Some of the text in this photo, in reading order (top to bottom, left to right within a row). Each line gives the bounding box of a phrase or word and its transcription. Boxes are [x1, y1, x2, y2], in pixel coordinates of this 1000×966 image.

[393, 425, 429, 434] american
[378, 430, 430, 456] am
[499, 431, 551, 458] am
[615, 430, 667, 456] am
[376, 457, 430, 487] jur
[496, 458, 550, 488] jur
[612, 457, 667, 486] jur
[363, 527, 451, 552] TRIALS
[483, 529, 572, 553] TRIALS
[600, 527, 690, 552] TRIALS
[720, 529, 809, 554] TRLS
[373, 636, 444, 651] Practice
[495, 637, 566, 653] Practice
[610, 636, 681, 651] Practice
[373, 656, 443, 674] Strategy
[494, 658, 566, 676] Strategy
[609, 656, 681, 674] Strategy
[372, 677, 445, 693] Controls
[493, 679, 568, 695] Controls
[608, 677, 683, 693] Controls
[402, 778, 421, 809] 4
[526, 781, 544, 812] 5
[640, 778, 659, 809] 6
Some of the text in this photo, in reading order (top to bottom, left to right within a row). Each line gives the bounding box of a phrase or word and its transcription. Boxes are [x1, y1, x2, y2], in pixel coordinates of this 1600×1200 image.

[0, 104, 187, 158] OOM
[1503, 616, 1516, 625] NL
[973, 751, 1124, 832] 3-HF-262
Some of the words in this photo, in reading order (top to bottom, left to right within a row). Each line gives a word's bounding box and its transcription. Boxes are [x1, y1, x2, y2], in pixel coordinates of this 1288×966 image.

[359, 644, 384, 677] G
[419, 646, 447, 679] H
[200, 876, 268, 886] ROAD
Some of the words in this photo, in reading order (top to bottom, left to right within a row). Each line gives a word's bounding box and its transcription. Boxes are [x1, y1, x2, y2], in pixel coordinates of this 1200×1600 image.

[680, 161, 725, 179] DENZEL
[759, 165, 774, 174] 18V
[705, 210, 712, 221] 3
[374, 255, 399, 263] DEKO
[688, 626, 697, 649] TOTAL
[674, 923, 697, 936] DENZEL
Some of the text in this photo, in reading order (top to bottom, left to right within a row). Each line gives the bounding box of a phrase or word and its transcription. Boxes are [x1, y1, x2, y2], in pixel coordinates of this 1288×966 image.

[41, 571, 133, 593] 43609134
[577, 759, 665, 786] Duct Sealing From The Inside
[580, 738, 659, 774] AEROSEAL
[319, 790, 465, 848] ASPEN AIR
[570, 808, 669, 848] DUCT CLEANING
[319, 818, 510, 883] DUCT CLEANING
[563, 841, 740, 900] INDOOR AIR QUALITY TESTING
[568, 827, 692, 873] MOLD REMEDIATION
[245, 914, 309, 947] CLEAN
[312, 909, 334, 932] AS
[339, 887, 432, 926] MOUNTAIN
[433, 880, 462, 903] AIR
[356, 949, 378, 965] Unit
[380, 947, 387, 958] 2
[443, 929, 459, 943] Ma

___

** Problem to work on **
Repeat the whole of the data above exactly, keeping every word.

** Reply **
Some of the text in this photo, in reading order (top to bottom, left to right within a row). Each line gives the bounding box of a phrase or word and its transcription. Boxes are [x1, y1, x2, y2], in pixel coordinates of this 1000×966 image.

[393, 425, 429, 434] american
[378, 430, 430, 456] am
[499, 431, 551, 458] am
[615, 430, 667, 456] am
[376, 457, 430, 487] jur
[496, 458, 550, 488] jur
[612, 457, 667, 486] jur
[363, 527, 451, 552] TRIALS
[483, 529, 572, 553] TRIALS
[600, 527, 690, 552] TRIALS
[720, 529, 809, 554] TRLS
[373, 636, 444, 651] Practice
[495, 637, 566, 653] Practice
[610, 636, 681, 651] Practice
[373, 656, 443, 674] Strategy
[494, 658, 566, 676] Strategy
[609, 656, 681, 674] Strategy
[372, 677, 445, 693] Controls
[493, 679, 568, 695] Controls
[608, 677, 683, 693] Controls
[402, 778, 421, 809] 4
[526, 781, 544, 812] 5
[640, 778, 659, 809] 6
Some of the text in this photo, in reading order (top to bottom, left to right within a row). Each line gives the bounding box of a phrase or word and its transcription. Boxes are [x1, y1, x2, y2], in pixel coordinates of this 1600×1200 image.

[0, 104, 187, 158] OOM
[1503, 616, 1516, 625] NL
[973, 751, 1124, 832] 3-HF-262
Some of the words in this photo, in reading order (top to bottom, left to right within a row). Each line gives a word's bounding box and its transcription. Boxes are [x1, y1, x2, y2], in pixel coordinates of this 1288×966 image.

[359, 644, 384, 677] G
[419, 646, 447, 679] H
[200, 876, 268, 886] ROAD
Some of the words in this photo, in reading order (top to bottom, left to right within a row). Each line gives a word's bounding box and its transcription. Boxes are [x1, y1, x2, y2], in pixel coordinates of this 1200×1600 image.

[680, 161, 725, 179] DENZEL
[759, 165, 774, 174] 18V
[705, 210, 712, 221] 3
[374, 255, 399, 263] DEKO
[688, 626, 697, 649] TOTAL
[674, 923, 697, 936] DENZEL
Some of the text in this photo, in reading order (top to bottom, left to right within a row). Each line gives the bounding box of a phrase or word and its transcription. Boxes are [x1, y1, x2, y2], in pixel coordinates of this 1288×966 image.

[41, 571, 133, 593] 43609134
[577, 759, 665, 786] Duct Sealing From The Inside
[580, 738, 659, 774] AEROSEAL
[319, 790, 465, 848] ASPEN AIR
[570, 808, 669, 848] DUCT CLEANING
[319, 818, 510, 883] DUCT CLEANING
[563, 841, 740, 900] INDOOR AIR QUALITY TESTING
[568, 827, 692, 873] MOLD REMEDIATION
[245, 914, 309, 947] CLEAN
[312, 909, 334, 932] AS
[339, 887, 432, 926] MOUNTAIN
[433, 880, 462, 903] AIR
[356, 949, 378, 965] Unit
[380, 947, 387, 958] 2
[443, 929, 459, 943] Ma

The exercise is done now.